_RECORDS FOR THE TASK_
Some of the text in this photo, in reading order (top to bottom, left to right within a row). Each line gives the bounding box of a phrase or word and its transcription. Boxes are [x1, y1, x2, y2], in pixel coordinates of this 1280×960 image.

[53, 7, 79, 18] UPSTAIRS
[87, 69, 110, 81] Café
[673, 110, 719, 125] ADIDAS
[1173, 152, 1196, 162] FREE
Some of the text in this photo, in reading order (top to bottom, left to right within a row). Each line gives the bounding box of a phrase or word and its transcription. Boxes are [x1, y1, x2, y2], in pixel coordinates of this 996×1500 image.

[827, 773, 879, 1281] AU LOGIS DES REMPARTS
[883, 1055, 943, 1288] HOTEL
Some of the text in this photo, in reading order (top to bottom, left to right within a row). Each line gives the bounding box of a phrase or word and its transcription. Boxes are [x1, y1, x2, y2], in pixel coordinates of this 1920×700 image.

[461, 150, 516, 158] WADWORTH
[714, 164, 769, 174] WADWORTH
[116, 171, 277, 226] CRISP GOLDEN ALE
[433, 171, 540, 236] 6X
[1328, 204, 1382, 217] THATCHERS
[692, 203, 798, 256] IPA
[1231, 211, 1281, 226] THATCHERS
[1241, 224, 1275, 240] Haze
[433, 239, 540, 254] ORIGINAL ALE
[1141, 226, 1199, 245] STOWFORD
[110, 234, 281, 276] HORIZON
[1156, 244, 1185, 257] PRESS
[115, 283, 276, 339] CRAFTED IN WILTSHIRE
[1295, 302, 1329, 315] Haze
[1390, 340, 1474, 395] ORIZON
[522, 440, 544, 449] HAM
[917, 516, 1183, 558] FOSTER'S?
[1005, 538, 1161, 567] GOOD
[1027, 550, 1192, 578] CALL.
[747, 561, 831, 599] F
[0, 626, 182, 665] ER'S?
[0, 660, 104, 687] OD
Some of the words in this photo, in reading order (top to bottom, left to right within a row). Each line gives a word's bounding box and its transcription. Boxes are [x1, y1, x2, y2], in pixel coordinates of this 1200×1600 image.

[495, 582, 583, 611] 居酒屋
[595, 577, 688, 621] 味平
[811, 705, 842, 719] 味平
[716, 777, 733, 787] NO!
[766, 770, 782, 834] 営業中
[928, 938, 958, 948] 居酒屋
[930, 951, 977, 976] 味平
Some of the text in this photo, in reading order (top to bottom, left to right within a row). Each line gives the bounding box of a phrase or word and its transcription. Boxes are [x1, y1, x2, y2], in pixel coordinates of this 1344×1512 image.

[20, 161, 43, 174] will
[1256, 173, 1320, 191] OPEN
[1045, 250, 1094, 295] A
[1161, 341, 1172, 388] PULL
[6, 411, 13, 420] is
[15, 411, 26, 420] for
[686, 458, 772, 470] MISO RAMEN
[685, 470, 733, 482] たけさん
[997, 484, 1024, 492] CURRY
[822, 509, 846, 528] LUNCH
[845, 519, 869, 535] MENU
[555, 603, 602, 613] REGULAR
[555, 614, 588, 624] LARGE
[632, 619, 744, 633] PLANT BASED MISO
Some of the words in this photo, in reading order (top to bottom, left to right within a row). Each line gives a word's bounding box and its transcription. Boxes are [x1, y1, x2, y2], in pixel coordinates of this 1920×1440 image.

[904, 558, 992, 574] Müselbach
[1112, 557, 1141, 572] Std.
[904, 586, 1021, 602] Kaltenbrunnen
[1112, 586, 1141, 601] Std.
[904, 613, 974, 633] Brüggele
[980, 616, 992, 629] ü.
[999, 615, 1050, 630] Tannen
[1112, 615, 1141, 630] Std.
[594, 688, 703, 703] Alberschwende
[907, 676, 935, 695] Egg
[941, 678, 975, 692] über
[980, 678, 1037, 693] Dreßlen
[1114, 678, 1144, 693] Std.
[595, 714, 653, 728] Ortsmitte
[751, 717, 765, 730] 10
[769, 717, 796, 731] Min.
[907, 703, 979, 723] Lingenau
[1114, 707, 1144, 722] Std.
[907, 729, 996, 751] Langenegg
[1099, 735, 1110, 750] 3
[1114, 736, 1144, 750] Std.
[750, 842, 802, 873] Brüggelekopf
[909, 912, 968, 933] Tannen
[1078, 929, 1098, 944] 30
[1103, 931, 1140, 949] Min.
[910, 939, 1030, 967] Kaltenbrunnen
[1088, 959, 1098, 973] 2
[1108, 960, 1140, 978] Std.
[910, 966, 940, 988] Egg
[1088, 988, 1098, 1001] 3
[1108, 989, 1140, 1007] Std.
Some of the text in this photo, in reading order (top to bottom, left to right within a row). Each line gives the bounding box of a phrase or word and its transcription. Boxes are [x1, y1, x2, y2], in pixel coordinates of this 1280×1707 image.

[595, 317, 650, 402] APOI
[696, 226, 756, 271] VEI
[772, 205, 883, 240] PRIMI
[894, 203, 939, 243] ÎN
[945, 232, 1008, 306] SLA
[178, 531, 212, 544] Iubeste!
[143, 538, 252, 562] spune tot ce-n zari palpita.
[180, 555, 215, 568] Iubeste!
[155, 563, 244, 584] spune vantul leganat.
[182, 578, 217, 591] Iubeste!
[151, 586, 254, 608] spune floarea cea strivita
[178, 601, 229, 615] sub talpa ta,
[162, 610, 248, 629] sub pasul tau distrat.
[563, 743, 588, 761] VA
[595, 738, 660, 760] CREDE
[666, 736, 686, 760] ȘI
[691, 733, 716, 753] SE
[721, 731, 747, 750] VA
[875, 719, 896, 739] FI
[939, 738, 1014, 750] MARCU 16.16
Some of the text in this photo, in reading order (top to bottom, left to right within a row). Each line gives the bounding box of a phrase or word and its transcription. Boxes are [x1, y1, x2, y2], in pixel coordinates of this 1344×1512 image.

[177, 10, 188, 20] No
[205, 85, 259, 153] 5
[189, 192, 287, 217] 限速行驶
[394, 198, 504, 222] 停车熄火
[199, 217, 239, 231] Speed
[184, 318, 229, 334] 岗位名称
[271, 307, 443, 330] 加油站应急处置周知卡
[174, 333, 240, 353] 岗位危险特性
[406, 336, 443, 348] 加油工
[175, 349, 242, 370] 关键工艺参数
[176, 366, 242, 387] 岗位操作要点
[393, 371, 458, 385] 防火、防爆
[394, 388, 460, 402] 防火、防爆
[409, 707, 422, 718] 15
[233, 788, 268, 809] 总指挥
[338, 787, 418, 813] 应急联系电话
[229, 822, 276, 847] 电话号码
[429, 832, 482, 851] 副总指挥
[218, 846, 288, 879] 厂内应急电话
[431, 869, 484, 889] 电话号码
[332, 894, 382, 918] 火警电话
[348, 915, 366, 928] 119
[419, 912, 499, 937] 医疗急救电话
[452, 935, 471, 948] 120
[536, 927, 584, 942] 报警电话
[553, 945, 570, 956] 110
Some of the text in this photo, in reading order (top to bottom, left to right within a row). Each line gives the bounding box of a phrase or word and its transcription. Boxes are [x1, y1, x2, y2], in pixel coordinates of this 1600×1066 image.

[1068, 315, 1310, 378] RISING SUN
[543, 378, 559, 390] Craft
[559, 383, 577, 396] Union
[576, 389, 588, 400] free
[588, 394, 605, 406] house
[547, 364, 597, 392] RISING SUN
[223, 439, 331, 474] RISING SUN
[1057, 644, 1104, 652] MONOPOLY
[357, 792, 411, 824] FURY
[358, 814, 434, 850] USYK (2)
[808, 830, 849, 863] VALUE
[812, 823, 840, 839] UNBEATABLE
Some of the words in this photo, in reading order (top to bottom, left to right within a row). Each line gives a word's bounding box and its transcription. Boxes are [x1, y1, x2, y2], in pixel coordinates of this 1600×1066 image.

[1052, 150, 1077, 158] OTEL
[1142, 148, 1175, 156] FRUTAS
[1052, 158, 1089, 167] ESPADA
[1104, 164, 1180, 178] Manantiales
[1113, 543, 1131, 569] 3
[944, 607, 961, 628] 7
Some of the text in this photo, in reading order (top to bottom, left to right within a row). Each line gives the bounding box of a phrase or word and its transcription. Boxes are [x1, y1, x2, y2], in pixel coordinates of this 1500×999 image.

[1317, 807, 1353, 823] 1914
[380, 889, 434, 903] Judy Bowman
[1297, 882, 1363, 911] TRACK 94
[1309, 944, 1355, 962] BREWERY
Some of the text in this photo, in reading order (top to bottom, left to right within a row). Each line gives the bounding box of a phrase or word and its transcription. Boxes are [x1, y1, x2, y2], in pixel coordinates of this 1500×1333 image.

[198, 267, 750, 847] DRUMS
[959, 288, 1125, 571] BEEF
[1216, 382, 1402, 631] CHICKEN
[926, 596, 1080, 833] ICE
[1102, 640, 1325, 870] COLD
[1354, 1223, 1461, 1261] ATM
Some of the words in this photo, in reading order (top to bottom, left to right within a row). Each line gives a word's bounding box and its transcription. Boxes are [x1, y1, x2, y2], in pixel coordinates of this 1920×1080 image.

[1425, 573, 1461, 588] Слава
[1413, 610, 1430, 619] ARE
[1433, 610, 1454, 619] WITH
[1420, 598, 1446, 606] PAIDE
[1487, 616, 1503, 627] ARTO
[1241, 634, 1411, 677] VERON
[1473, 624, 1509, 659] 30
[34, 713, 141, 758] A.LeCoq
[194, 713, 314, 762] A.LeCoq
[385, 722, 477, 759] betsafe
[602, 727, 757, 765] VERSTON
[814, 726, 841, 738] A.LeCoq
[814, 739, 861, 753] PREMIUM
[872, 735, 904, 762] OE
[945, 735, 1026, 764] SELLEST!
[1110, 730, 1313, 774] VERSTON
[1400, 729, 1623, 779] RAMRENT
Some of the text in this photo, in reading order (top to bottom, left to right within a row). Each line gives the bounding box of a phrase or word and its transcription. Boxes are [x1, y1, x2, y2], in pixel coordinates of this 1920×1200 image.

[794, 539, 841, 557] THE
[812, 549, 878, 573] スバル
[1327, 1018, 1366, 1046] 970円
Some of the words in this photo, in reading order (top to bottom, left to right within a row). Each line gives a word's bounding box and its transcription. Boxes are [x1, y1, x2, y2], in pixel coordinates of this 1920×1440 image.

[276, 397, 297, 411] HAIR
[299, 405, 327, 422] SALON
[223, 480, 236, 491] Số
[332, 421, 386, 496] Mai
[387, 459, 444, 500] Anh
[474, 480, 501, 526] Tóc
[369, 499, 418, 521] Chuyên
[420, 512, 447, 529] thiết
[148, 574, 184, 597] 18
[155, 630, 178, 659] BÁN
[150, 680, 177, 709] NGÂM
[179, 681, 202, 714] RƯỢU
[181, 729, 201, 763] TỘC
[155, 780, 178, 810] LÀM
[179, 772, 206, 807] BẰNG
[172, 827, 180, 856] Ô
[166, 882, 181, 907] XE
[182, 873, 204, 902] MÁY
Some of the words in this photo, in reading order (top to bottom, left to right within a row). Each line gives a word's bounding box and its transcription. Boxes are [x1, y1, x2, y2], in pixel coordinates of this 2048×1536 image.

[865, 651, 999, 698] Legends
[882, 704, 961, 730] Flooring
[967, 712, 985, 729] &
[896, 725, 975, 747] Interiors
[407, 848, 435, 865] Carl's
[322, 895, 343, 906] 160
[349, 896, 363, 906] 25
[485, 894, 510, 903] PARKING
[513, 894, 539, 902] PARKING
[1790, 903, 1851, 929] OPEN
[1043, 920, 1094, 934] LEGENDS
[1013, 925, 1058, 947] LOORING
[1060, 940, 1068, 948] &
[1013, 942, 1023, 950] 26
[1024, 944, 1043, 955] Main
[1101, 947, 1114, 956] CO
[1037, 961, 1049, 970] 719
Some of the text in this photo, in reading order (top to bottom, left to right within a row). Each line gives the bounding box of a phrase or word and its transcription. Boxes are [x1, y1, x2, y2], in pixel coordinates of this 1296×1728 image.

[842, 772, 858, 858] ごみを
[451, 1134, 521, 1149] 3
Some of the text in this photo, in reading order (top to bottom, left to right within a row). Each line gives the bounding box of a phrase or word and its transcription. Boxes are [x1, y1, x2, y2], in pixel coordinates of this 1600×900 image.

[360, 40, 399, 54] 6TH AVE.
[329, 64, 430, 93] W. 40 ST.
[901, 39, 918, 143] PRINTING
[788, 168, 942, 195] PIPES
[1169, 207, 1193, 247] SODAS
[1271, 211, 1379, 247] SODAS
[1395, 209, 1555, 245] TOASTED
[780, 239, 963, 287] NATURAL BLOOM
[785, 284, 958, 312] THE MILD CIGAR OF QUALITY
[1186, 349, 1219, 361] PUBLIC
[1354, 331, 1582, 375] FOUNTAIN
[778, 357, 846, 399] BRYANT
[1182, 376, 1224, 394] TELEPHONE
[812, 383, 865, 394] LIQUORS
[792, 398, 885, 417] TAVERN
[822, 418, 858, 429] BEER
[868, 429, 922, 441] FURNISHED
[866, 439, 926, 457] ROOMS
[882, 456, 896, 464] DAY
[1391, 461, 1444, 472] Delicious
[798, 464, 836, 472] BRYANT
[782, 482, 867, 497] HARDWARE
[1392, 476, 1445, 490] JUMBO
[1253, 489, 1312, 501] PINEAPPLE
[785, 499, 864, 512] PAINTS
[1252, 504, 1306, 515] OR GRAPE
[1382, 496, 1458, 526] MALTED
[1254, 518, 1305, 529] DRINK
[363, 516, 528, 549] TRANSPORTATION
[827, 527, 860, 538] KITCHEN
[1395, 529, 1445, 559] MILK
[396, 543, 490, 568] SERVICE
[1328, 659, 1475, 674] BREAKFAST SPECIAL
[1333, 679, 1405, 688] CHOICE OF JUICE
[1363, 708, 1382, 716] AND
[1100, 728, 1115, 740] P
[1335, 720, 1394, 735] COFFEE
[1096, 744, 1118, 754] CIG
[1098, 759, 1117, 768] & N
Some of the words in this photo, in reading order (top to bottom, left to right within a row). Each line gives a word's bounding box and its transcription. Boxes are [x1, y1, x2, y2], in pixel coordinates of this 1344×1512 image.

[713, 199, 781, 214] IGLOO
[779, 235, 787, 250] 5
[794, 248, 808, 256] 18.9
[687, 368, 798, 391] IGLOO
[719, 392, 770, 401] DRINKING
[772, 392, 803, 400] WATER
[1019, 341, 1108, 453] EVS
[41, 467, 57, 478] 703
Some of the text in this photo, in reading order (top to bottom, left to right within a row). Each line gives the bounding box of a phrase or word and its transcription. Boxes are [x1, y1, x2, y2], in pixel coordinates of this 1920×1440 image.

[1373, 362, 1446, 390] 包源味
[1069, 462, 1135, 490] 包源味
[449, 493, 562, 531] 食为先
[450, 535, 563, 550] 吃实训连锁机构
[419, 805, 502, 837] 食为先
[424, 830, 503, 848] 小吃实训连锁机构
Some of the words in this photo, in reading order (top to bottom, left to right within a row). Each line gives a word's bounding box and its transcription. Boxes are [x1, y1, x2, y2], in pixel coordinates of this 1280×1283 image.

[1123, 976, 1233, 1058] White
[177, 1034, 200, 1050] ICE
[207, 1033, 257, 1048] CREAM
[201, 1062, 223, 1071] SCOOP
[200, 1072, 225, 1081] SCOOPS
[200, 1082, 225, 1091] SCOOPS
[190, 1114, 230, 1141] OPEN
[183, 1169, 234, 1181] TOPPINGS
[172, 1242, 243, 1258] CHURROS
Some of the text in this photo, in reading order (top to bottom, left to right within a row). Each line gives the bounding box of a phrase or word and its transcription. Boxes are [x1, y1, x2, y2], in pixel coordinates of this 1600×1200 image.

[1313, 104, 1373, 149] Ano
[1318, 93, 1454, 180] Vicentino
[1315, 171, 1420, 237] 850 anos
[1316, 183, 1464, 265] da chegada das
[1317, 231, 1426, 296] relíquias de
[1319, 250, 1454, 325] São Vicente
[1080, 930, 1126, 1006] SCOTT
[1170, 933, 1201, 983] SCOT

_PROMPT_
Repeat, exactly and only, the lines above from the one containing "this 1600×1200 image." through the end of the material.

_ANSWER SPACE_
Some of the text in this photo, in reading order (top to bottom, left to right within a row). Each line gives the bounding box of a phrase or word and its transcription. Boxes are [x1, y1, x2, y2], in pixel coordinates of this 1600×1200 image.

[1313, 104, 1373, 149] Ano
[1318, 93, 1454, 180] Vicentino
[1315, 171, 1420, 237] 850 anos
[1316, 183, 1464, 265] da chegada das
[1317, 231, 1426, 296] relíquias de
[1319, 250, 1454, 325] São Vicente
[1080, 930, 1126, 1006] SCOTT
[1170, 933, 1201, 983] SCOT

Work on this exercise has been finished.